Omnivore Partners has invested an undisclosed amount into Mitra, the Indian fruit cultivation machinery company.
The firm’s Rs 2.6 billion ($43.1 million; €31.2 million) first fund has taken a significant minority stake in the company, according to Mark Kahn, founding partner at Omnivore.
This is Mitra’s second round of fundraising after conducting a seed capital round in October 2012, when Unilazer Ventures, the Indian consumer-centric venture capital firm, committed to the company.
The new funding will go towards building a manufacturing facility for affordable machinery that can be used in fruit and vegetable orchards.

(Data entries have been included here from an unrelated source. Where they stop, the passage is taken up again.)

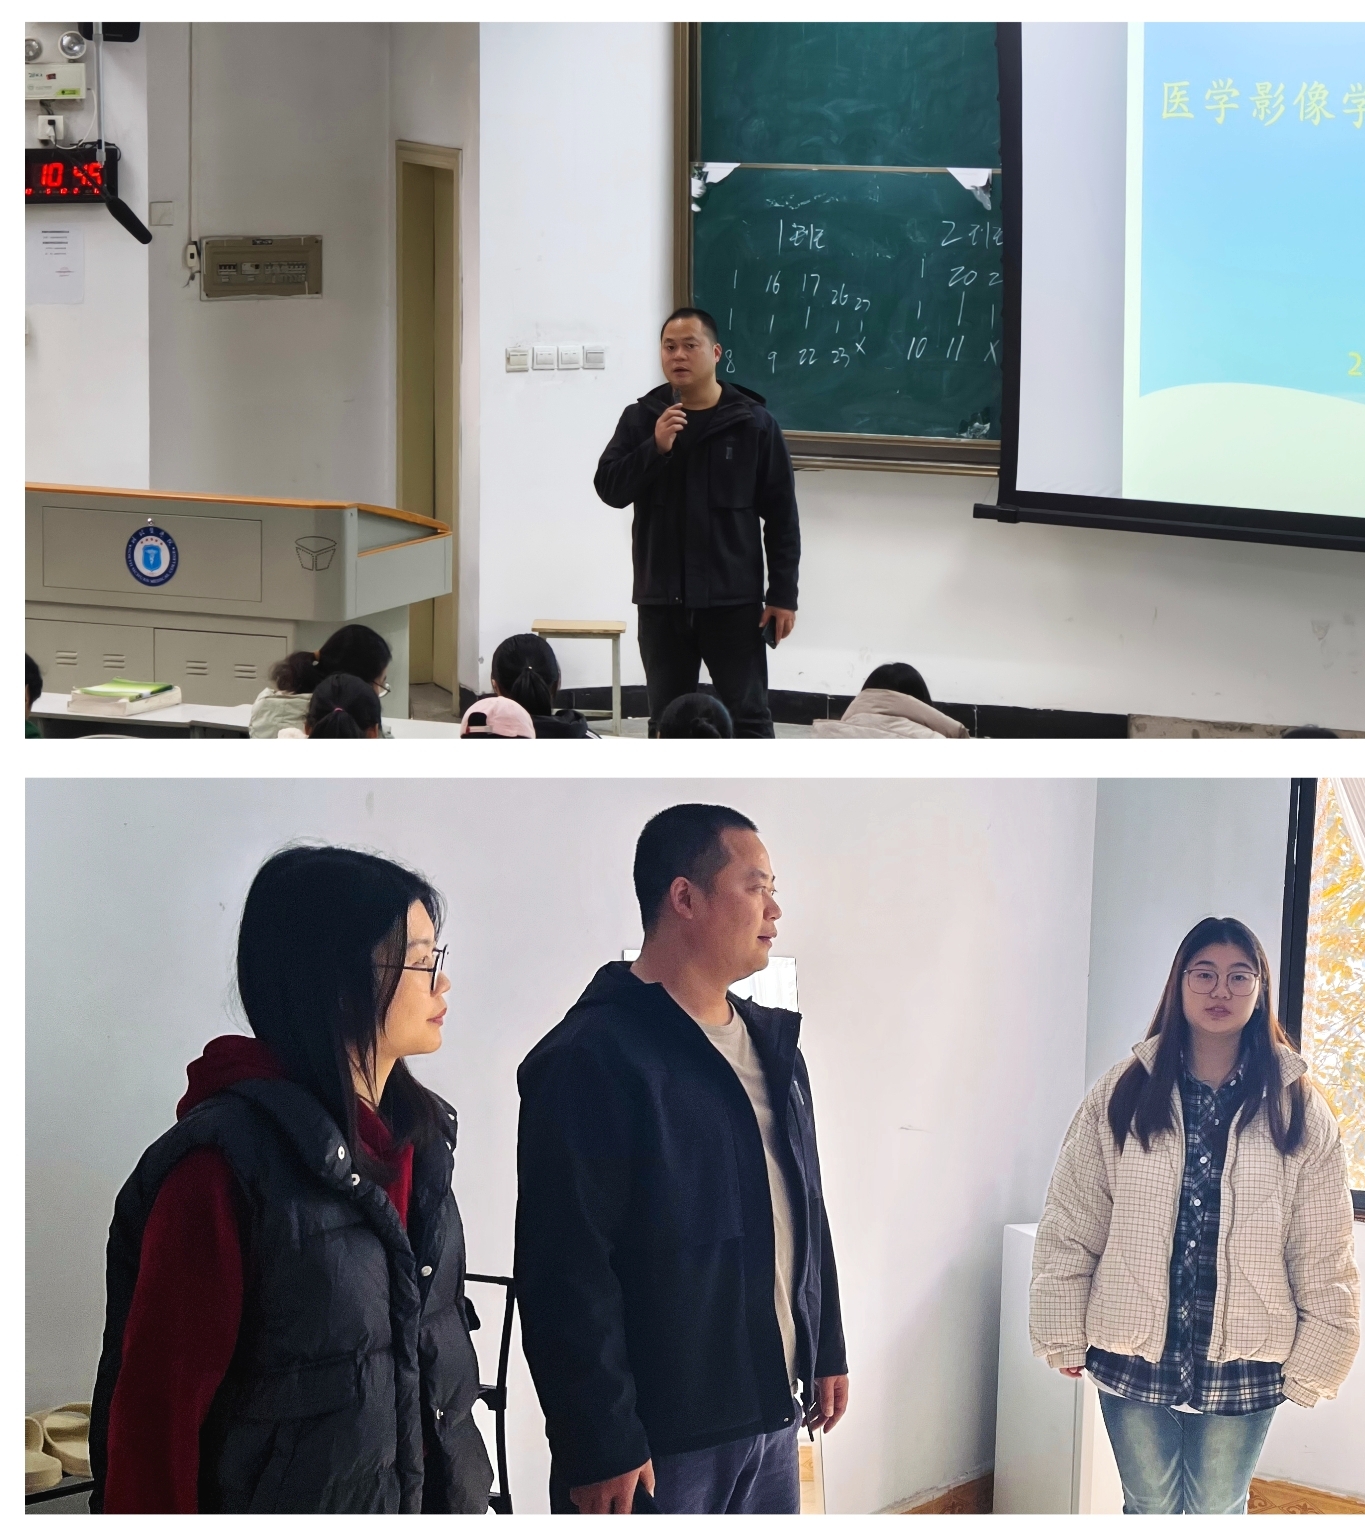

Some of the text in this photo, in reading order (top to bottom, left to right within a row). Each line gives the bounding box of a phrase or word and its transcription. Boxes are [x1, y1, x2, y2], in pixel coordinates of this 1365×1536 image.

[41, 162, 64, 187] 10
[765, 270, 781, 294] 16
[802, 273, 821, 296] 17
[948, 266, 978, 287] 20
[831, 283, 849, 306] 26
[799, 348, 819, 366] 22
[831, 347, 850, 368] 23
[907, 336, 929, 361] 10
[946, 335, 965, 362] 11
[725, 350, 735, 373] 8
[767, 351, 778, 374] 9

The machinery can perform tasks such as spraying crops and aims to reduce the need for labour.
“Acute labour shortage and lack of mechanisation is leading to a rise in production costs and a drop in quality of produce,” says the Mitra website.
The funds will also contribute to further research and development and to ramping up the company’s sales and marketing, according to Kahn. “The company is ready to scale,” he told Agri Investor. “It is providing for an unfulfilled niche in India.”

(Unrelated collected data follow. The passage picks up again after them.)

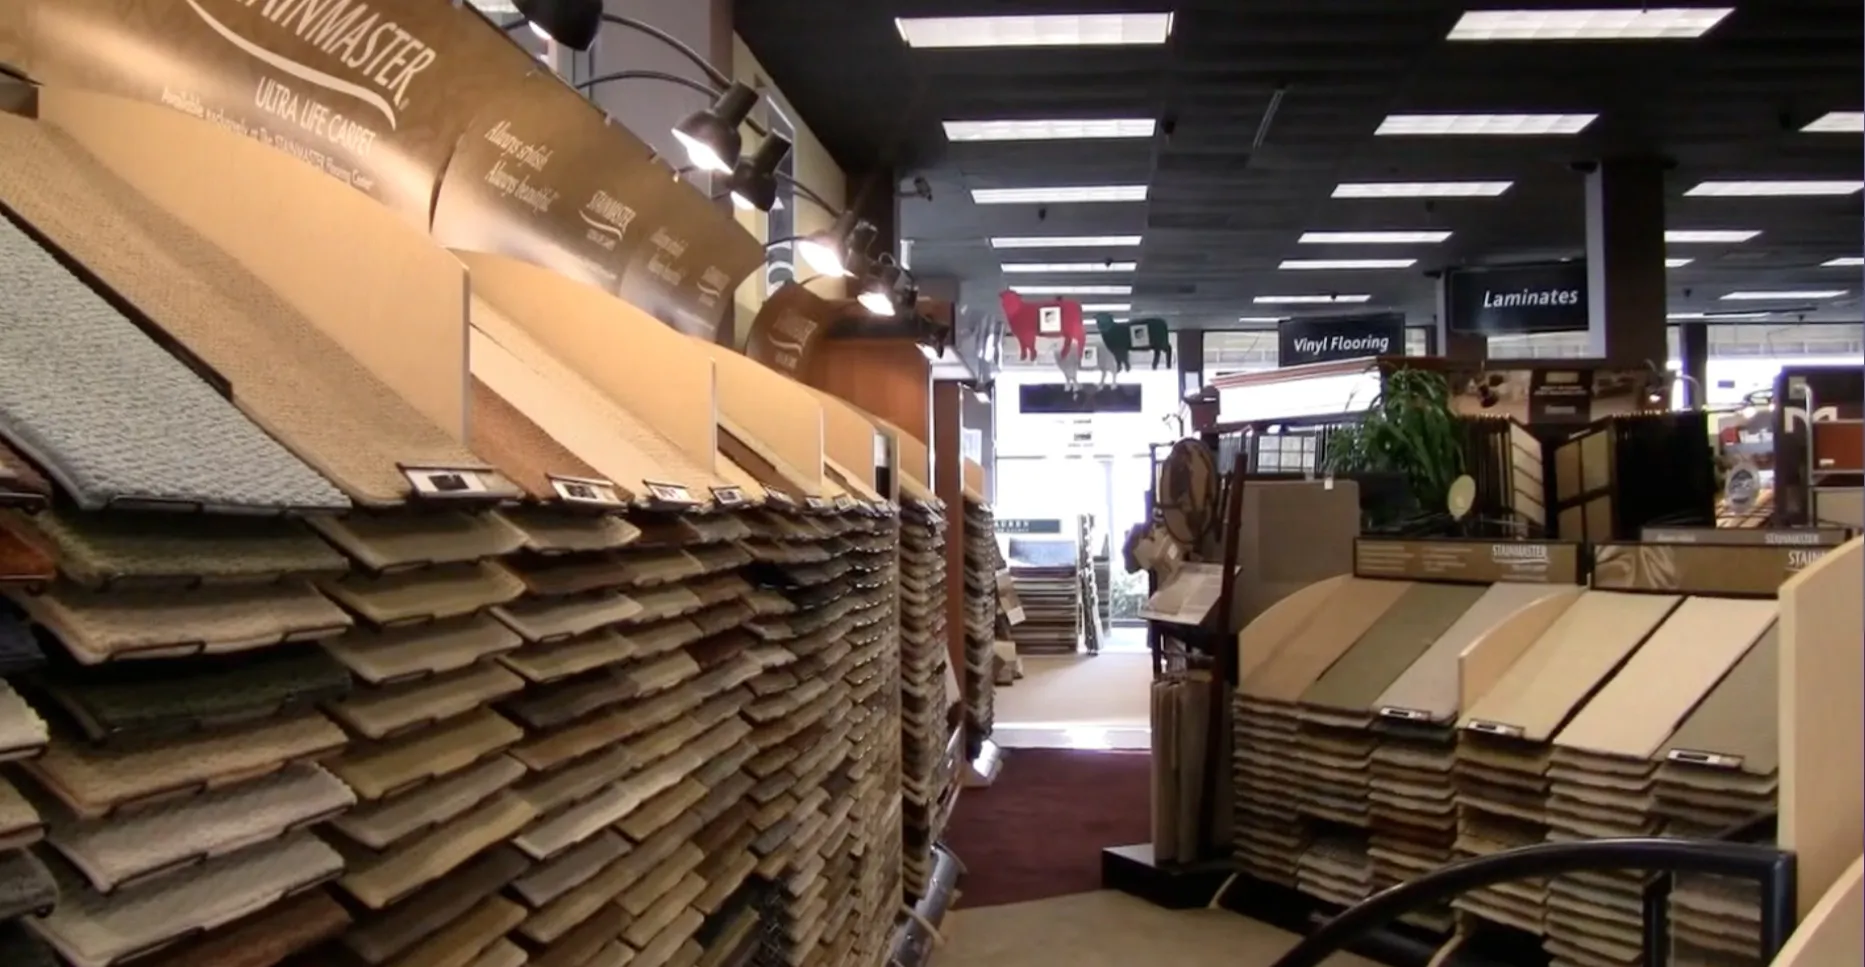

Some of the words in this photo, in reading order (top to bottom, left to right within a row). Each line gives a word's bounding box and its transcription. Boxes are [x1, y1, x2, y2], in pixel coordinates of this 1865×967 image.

[254, 76, 296, 122] ULTRA
[300, 98, 329, 135] LIFE
[327, 114, 376, 156] CARPET
[484, 120, 523, 157] Always
[484, 160, 519, 197] Always
[1484, 288, 1579, 308] Laminates
[1294, 336, 1328, 355] Vinyl
[1331, 334, 1390, 353] Flooring

Omnivore’s connection to Mitra dates back to the beginning, shortly after Mitra’s founder and chief executive Devneet Bajaj finished his MBA at Insead. Before his MBA, Bajaj worked at Fox Paine, the US private equity firm, specialising in agribusiness across Australia, Brazil, Europe and the US.
Bajaj has also worked as an investment banker in the US. He moved back to India with the goal of changing Indian agriculture, says the Mitra site.
Omnivore’s Fund I is now around 50 percent deployed across nine investments and Kahn’s team is aiming to invest into three more companies before the end of March 2015. A second fund is likely to launch shortly after.